§ **Saved data entries**
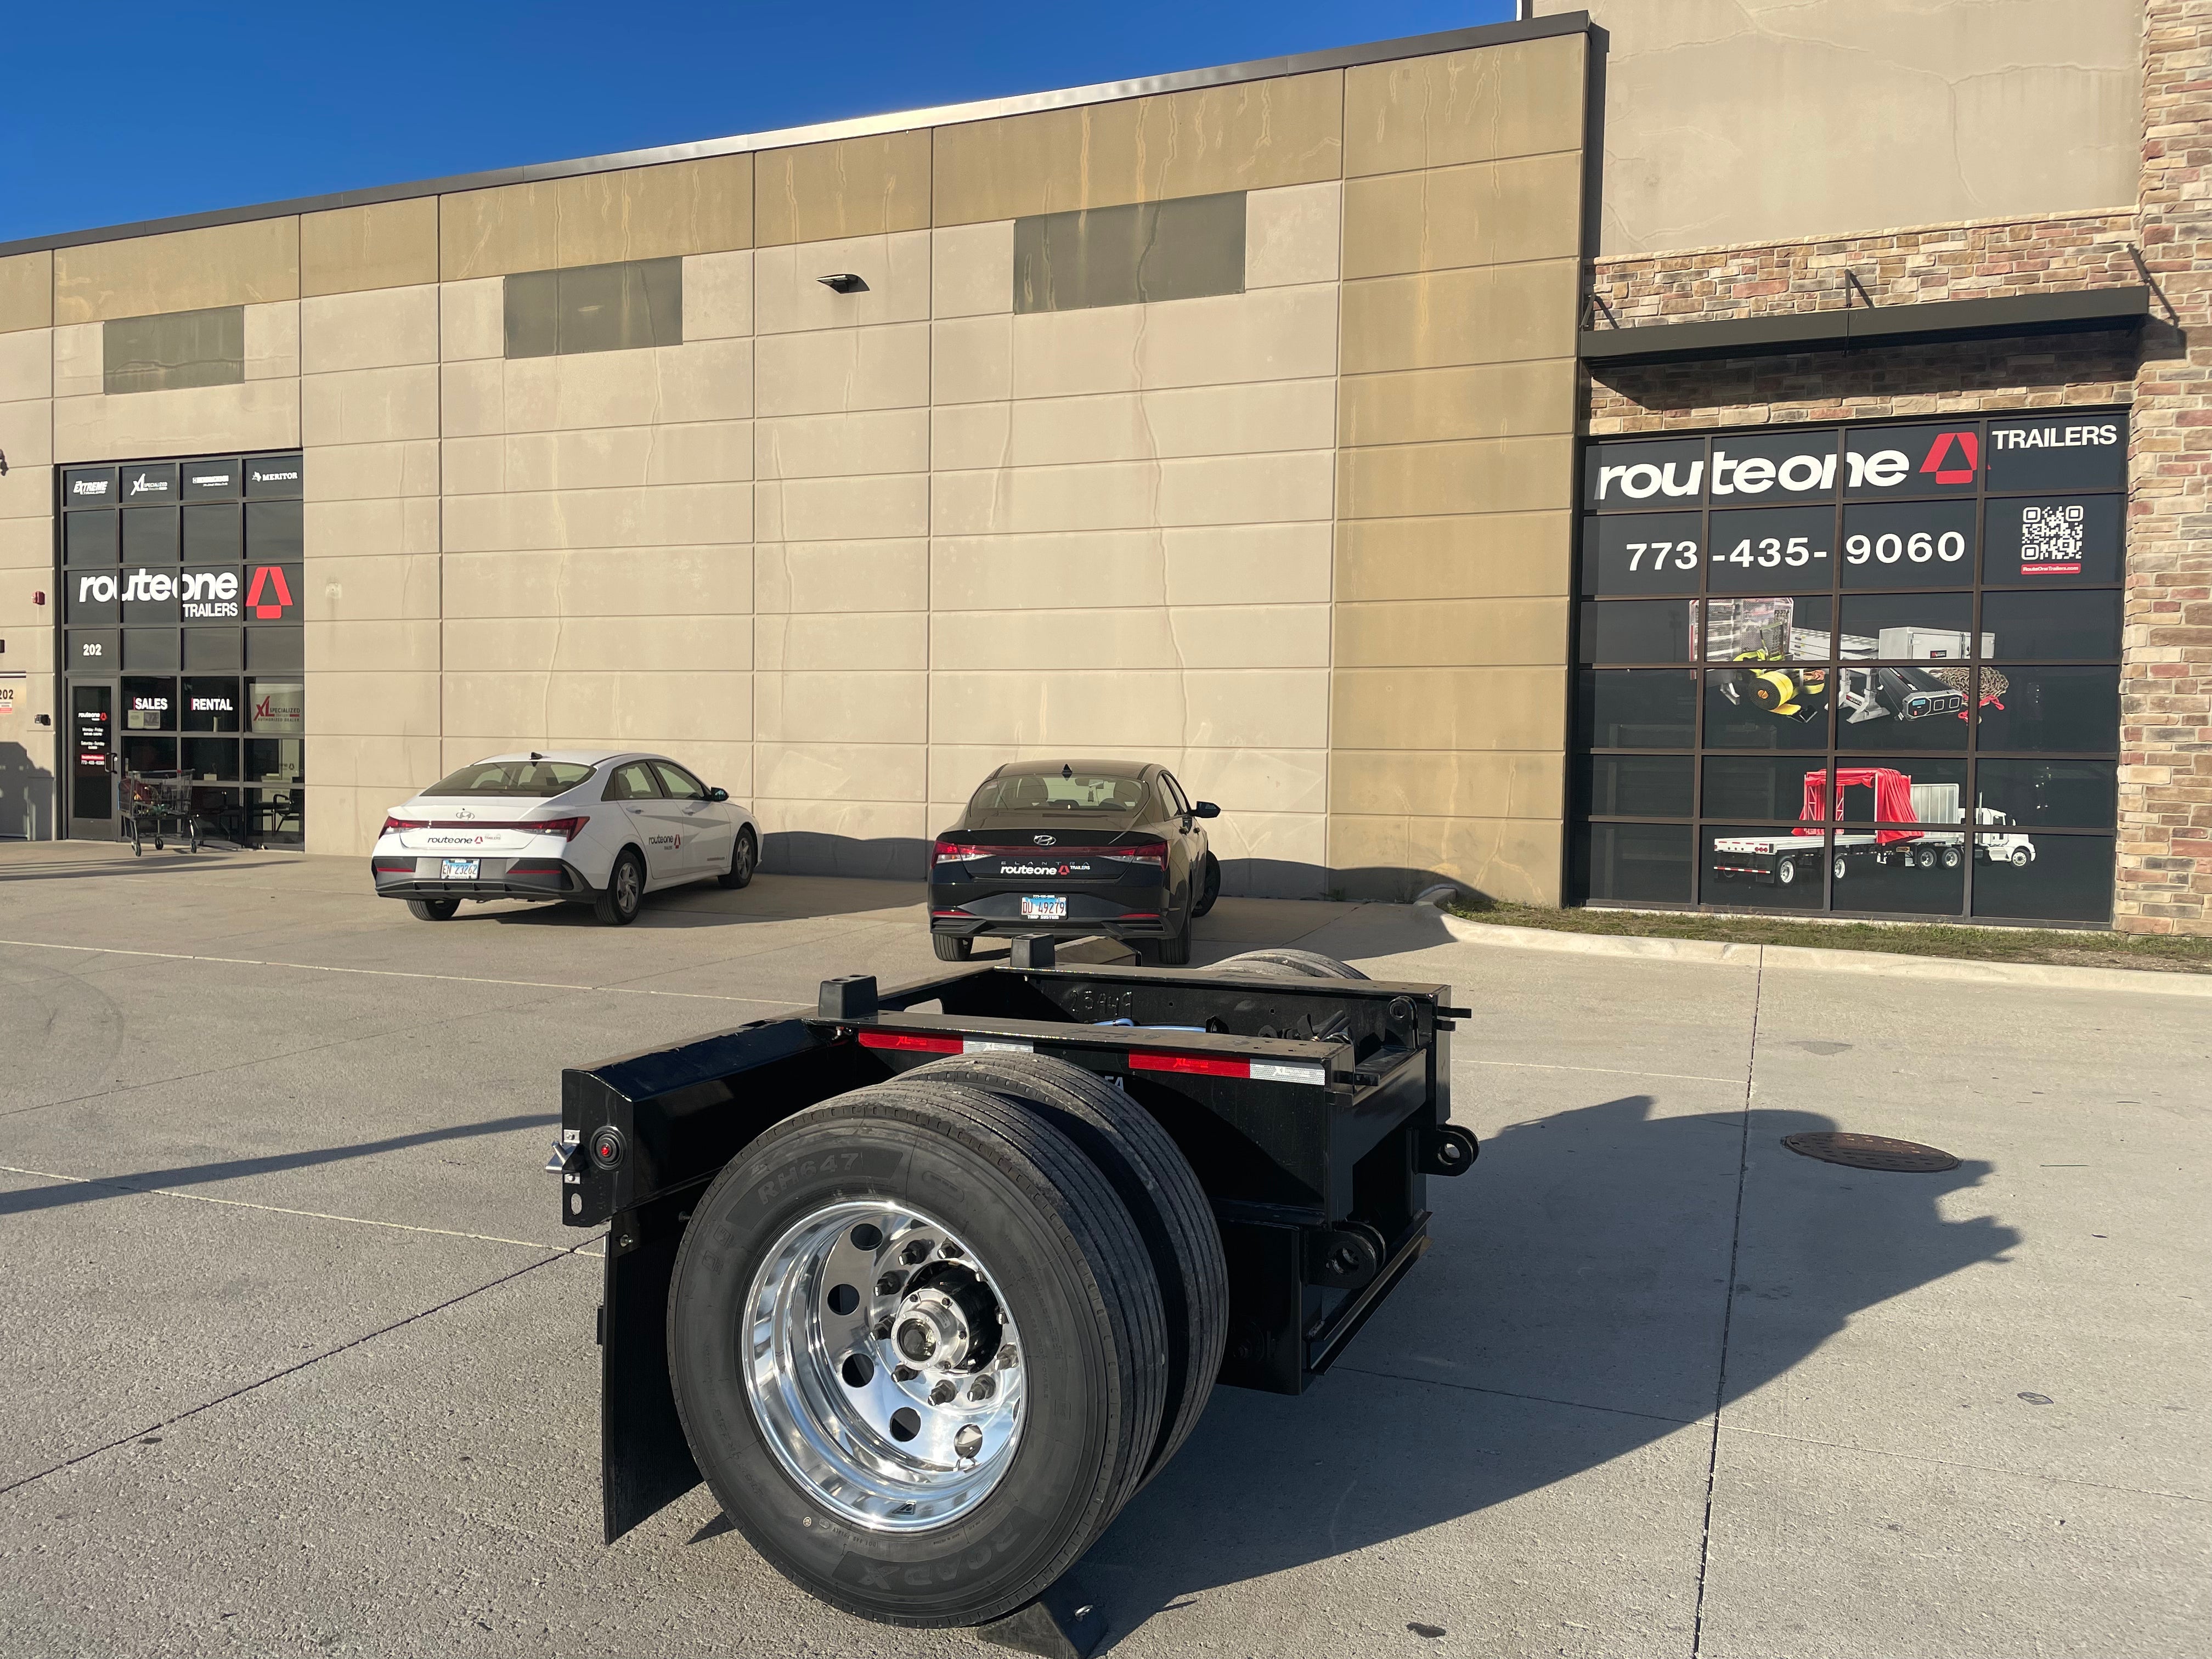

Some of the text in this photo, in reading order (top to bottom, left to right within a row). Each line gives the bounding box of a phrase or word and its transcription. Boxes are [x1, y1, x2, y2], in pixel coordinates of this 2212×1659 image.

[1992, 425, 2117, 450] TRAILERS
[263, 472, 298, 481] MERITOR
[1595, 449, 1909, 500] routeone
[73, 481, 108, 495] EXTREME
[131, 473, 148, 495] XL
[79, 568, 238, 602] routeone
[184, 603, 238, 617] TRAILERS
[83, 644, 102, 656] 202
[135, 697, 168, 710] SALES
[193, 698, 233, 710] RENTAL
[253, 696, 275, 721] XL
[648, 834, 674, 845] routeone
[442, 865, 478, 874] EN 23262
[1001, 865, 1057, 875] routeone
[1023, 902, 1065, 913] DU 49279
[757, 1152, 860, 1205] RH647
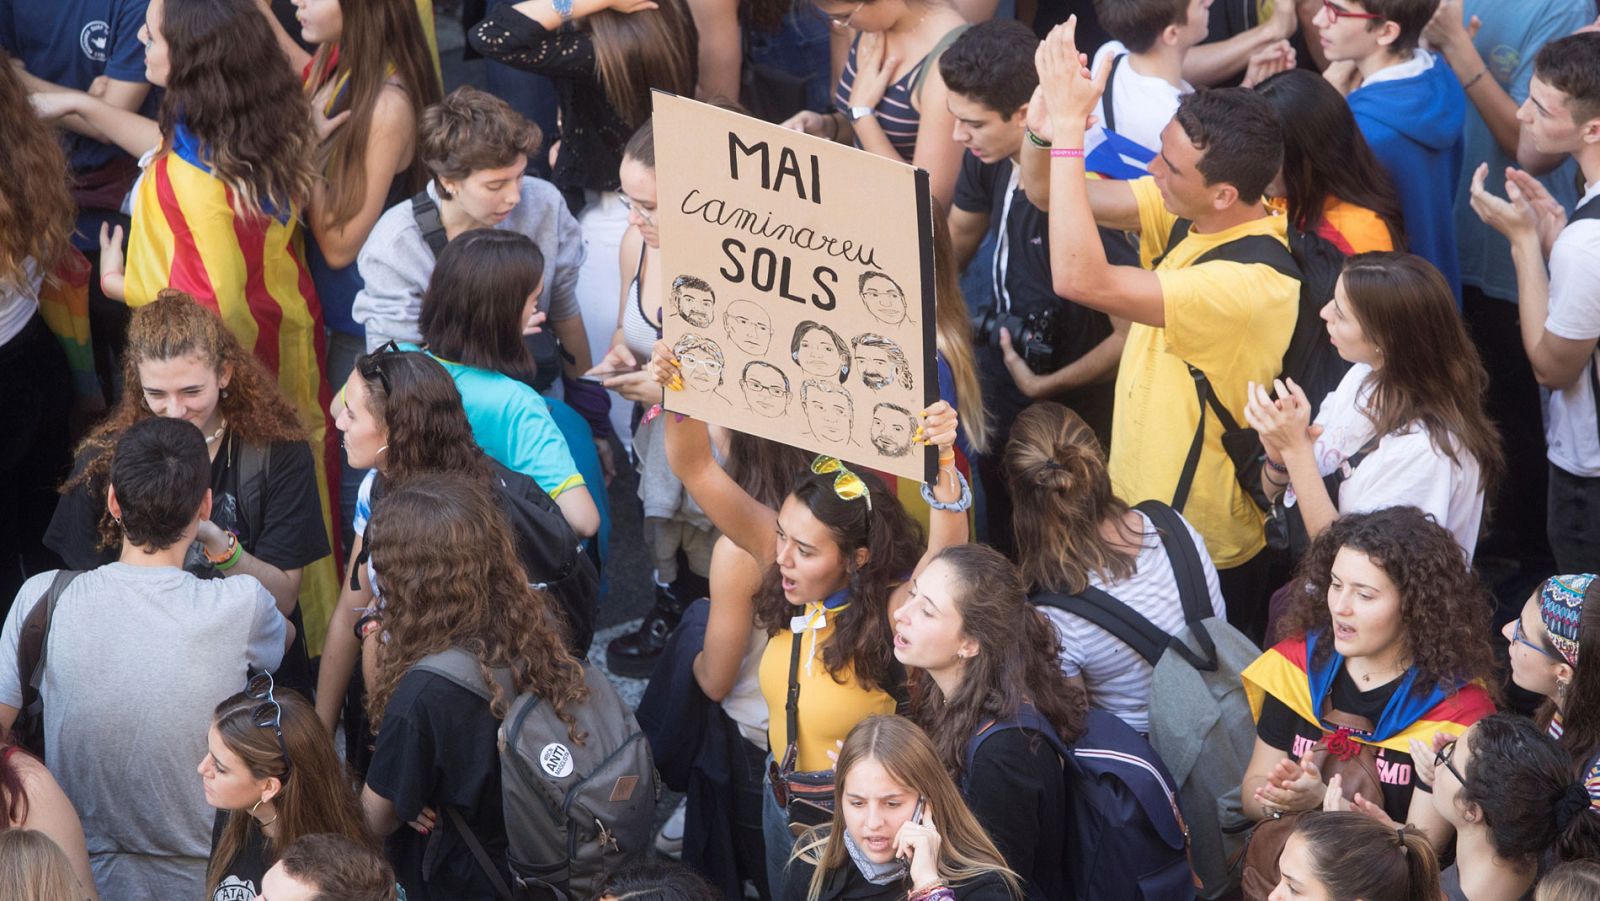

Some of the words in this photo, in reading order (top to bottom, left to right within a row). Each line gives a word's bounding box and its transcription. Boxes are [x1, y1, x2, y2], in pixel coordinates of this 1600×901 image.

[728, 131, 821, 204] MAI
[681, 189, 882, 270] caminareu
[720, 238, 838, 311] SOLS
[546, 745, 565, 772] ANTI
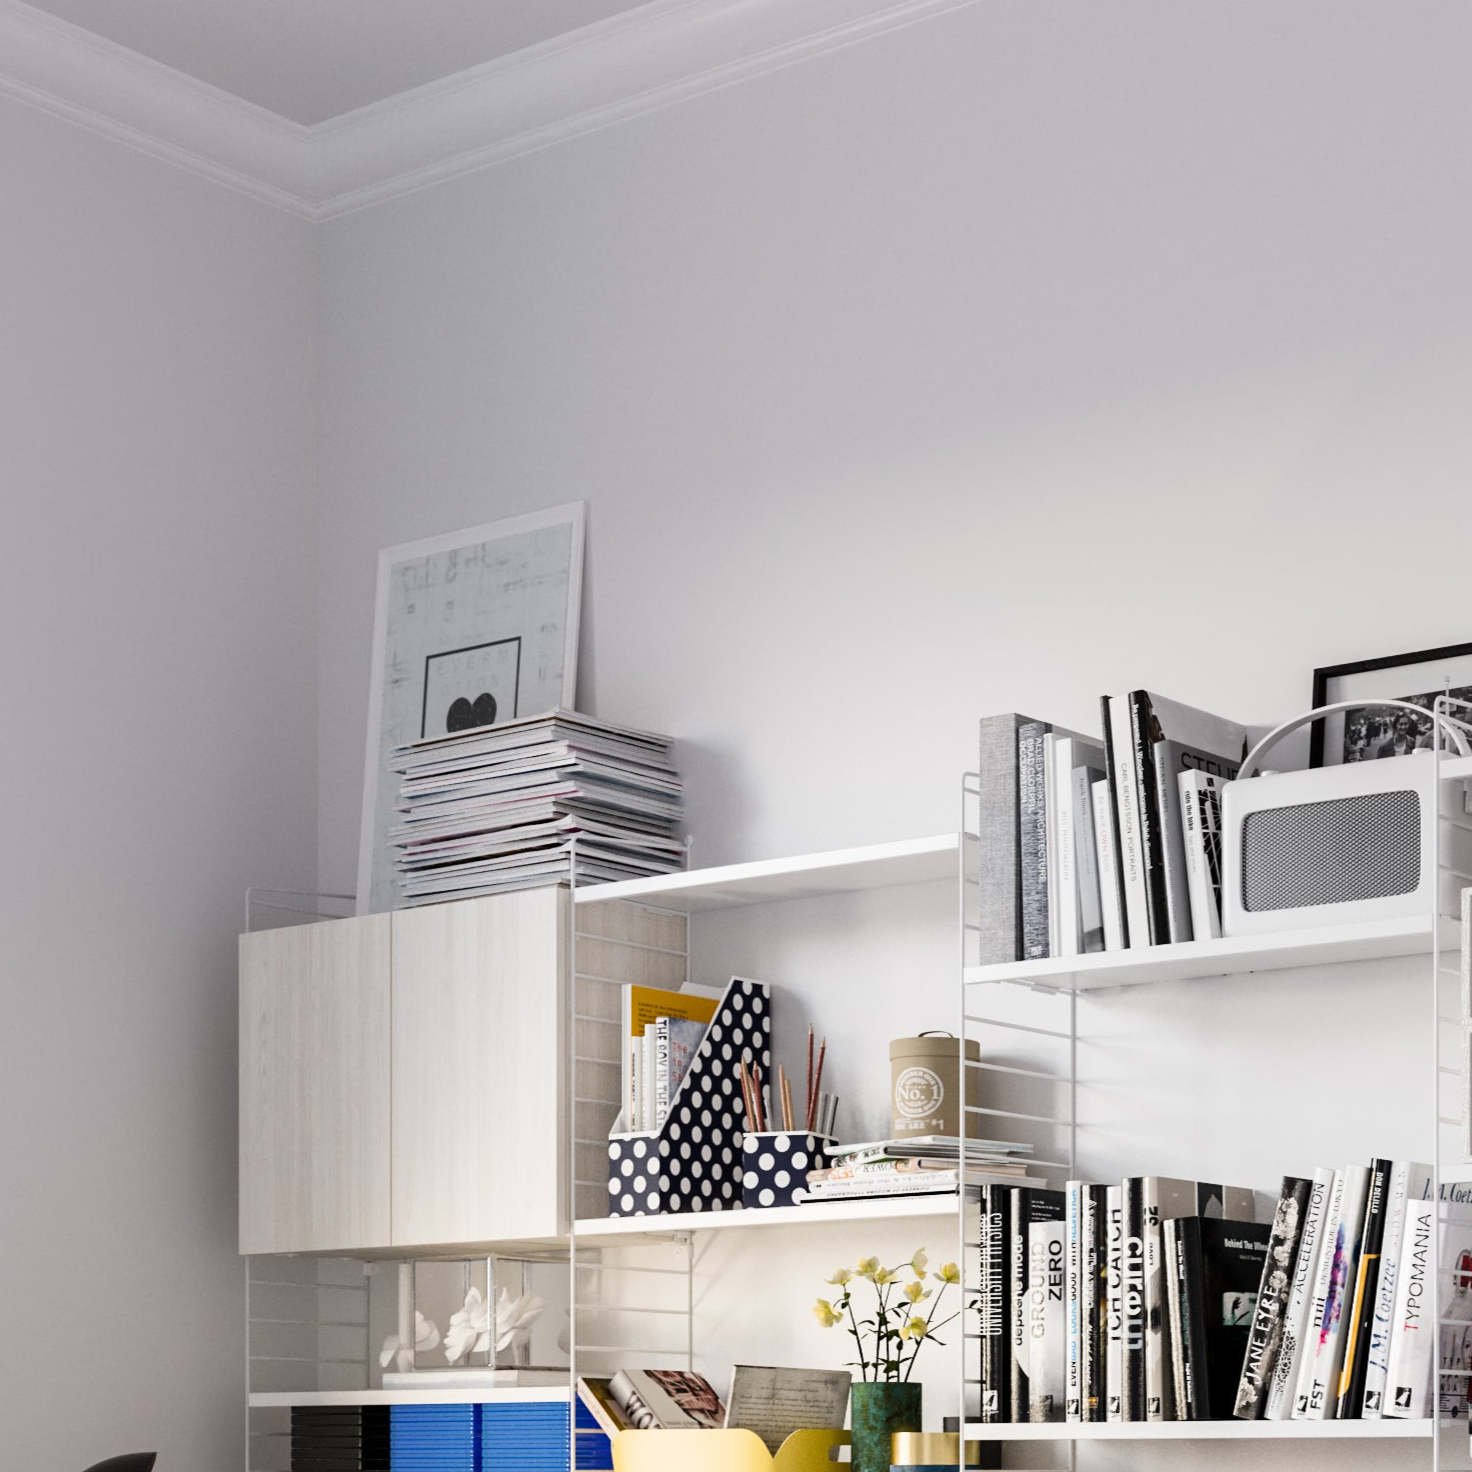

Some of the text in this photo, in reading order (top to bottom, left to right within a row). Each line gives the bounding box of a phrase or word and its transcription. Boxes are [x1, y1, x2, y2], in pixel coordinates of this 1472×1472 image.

§ **Task directions**
Reproduce the data above verbatim, minus any images.

§ **Result of the task**
Some of the text in this photo, in reading order (top to bottom, left to right within a row). Each line gives the bounding box of a phrase or word and its transcription. Boxes are [x1, y1, x2, y2], in pixel coordinates of this 2212×1659 image.

[1992, 425, 2117, 450] TRAILERS
[263, 472, 298, 481] MERITOR
[1595, 449, 1909, 500] routeone
[73, 481, 108, 495] EXTREME
[131, 473, 148, 495] XL
[79, 568, 238, 602] routeone
[184, 603, 238, 617] TRAILERS
[83, 644, 102, 656] 202
[135, 697, 168, 710] SALES
[193, 698, 233, 710] RENTAL
[253, 696, 275, 721] XL
[648, 834, 674, 845] routeone
[442, 865, 478, 874] EN 23262
[1001, 865, 1057, 875] routeone
[1023, 902, 1065, 913] DU 49279
[757, 1152, 860, 1205] RH647

Some of the words in this photo, in reading order (top to bottom, left to right within a row). Each line gives a word's bounding box and its transcription. Boxes are [x1, y1, x2, y2], in pixel coordinates of this 1600×901 image.

[728, 131, 821, 204] MAI
[681, 189, 882, 270] caminareu
[720, 238, 838, 311] SOLS
[546, 745, 565, 772] ANTI

Some of the text in this photo, in reading order (top to bottom, left to right within a row). Each line gives the bounding box of a phrase or word and its transcription. Boxes are [x1, y1, x2, y2], in pixel coordinates of this 1472×1472 image.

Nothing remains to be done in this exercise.